Tuesday, February 2, 2010

It's economic interdependence, not marriage, that should afford benefits to partner of deceased state trooper

Missouri highway patrol officer Dennis Engelhard died in the line of duty on Christmas day. His surviving partner of 15 years, Kelly Glossip, is not entitled to a lifetime benefit of $28,000 a year. That benefit is reserved for spouses (and children). Defenders of the system point out that unmarried different-sex partners also do not get the benefit. I discuss many examples like this in my 2008 book and it's a perfect opportunity to illustrate the valuing-all-families methodology I advocate. Simply put, any law should include within its purview the relationships that are consistent with the purpose of the law.

The Missouri survivor's pension system no doubt dates to a time when married women were economically dependent upon their husbands (and from a time when women could not serve as highway patrol officers, I would guess.) The system's purpose is compensation for that dependency, given that the wage-earner has died serving the public interest. Why else would it exist? Well today there is no longer such a clear fit between marriage and economic dependency. The pension should go to a person who was financially dependent upon, or interdependent with, the deceased. Married or not.

Right now, there are state workers compensation systems that work this way. (The benefit is not as large, but it's a benefit that goes to the survivor of any worker who dies on the job; the size of the highway patrol officer's benefit recognizes the risk faced by public safety officers). Had the September 11th attacks occurred in Los Angeles, for example, surviving same-sex partners would have received the same workers comp survivors benefits available to spouses, because California looks to economic interdependency, not marriage, in awarding those benefits.

The article on Engelhard's death notes that Glossip may be eligible for a federal benefit. That's true. The Mychal Judge Act, passed after September 11th (and named for a beloved -- and openly gay -- Catholic priest who worked for the New York fire department and who died administering last rites at the World Trade Center site), authorizes a one time federal payment to the survivor of any public safety officer who dies on the job. If the person is not married and has no children, the payment goes to whomever the officer has selected. Englehard would have had an opportunity to select Glossip as a beneficiary. If he did, that's the end of the matter.

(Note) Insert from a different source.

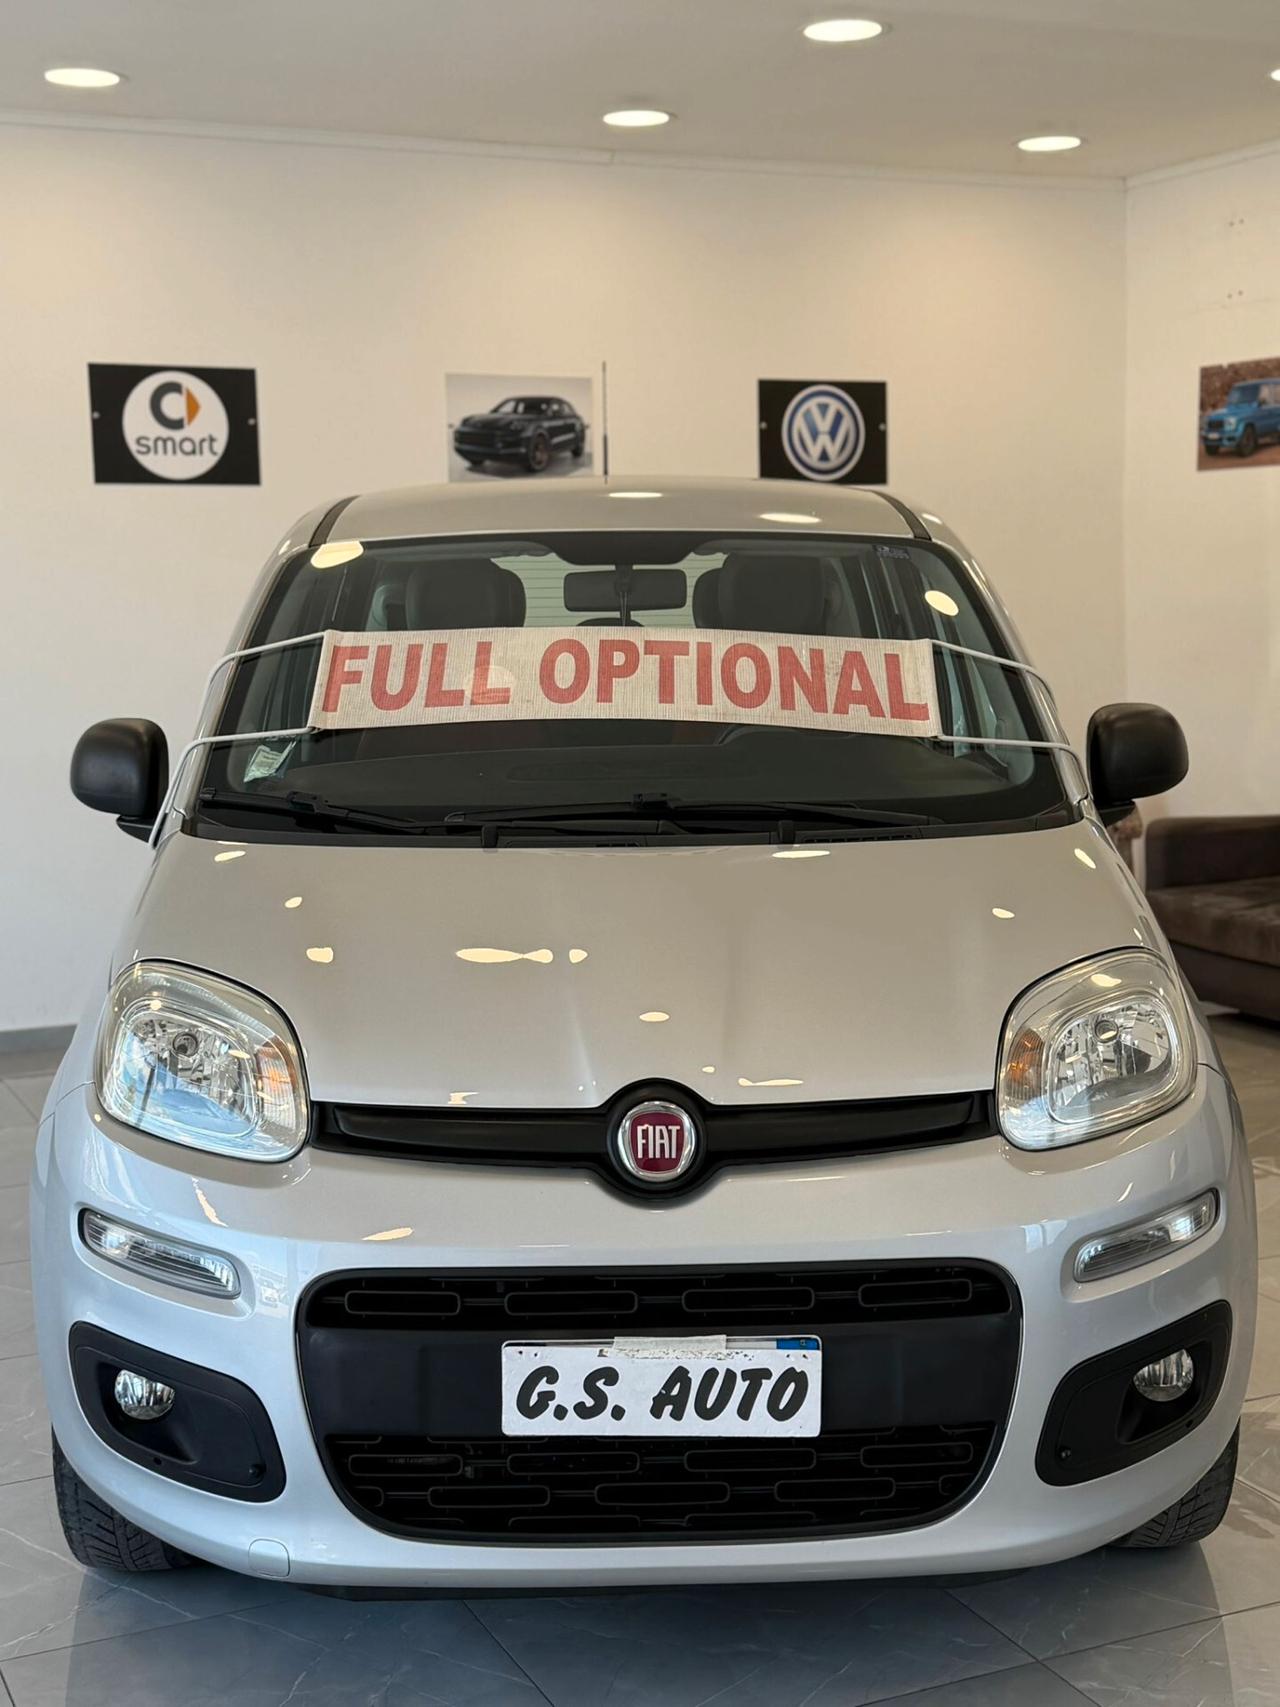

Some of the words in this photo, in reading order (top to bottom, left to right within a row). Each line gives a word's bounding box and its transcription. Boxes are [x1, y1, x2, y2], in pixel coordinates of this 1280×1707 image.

What's the purpose of the federal benefit? It appears to be public recognition of the value of a deceased public safety officer -- a way of valuing and honoring his or her work. Mychal Judge himself died without a spouse, parents, or children, and so no one was eligible to receive the federal benefit in existence up until that time. It was to remedy that wrong that Congress amended the law to allow the officer to designate a beneficiary. (Judge's benefit went to his sisters, whom he had designated as the beneficiaries of his life insurance policy.) Congress might have decided that compensation for the loss of an economic provider was the purpose of the benefit. If it had, then Judge's death would have created no benefit, since no one depended upon him. So Congress actually choose a different basis -- a kind of a parting gift to the estate of the fallen officer. Since each of us gets to decide where our assets go when we die, then it makes sense to allow an officer to select a beneficiary.

Gay rights groups might use Engelhard and Glossip as yet another reason why same-sex couples must be allowed to marry. I use it to illustrate that marriage is the wrong dividing line between who gets a survivors benefit and who doesn't.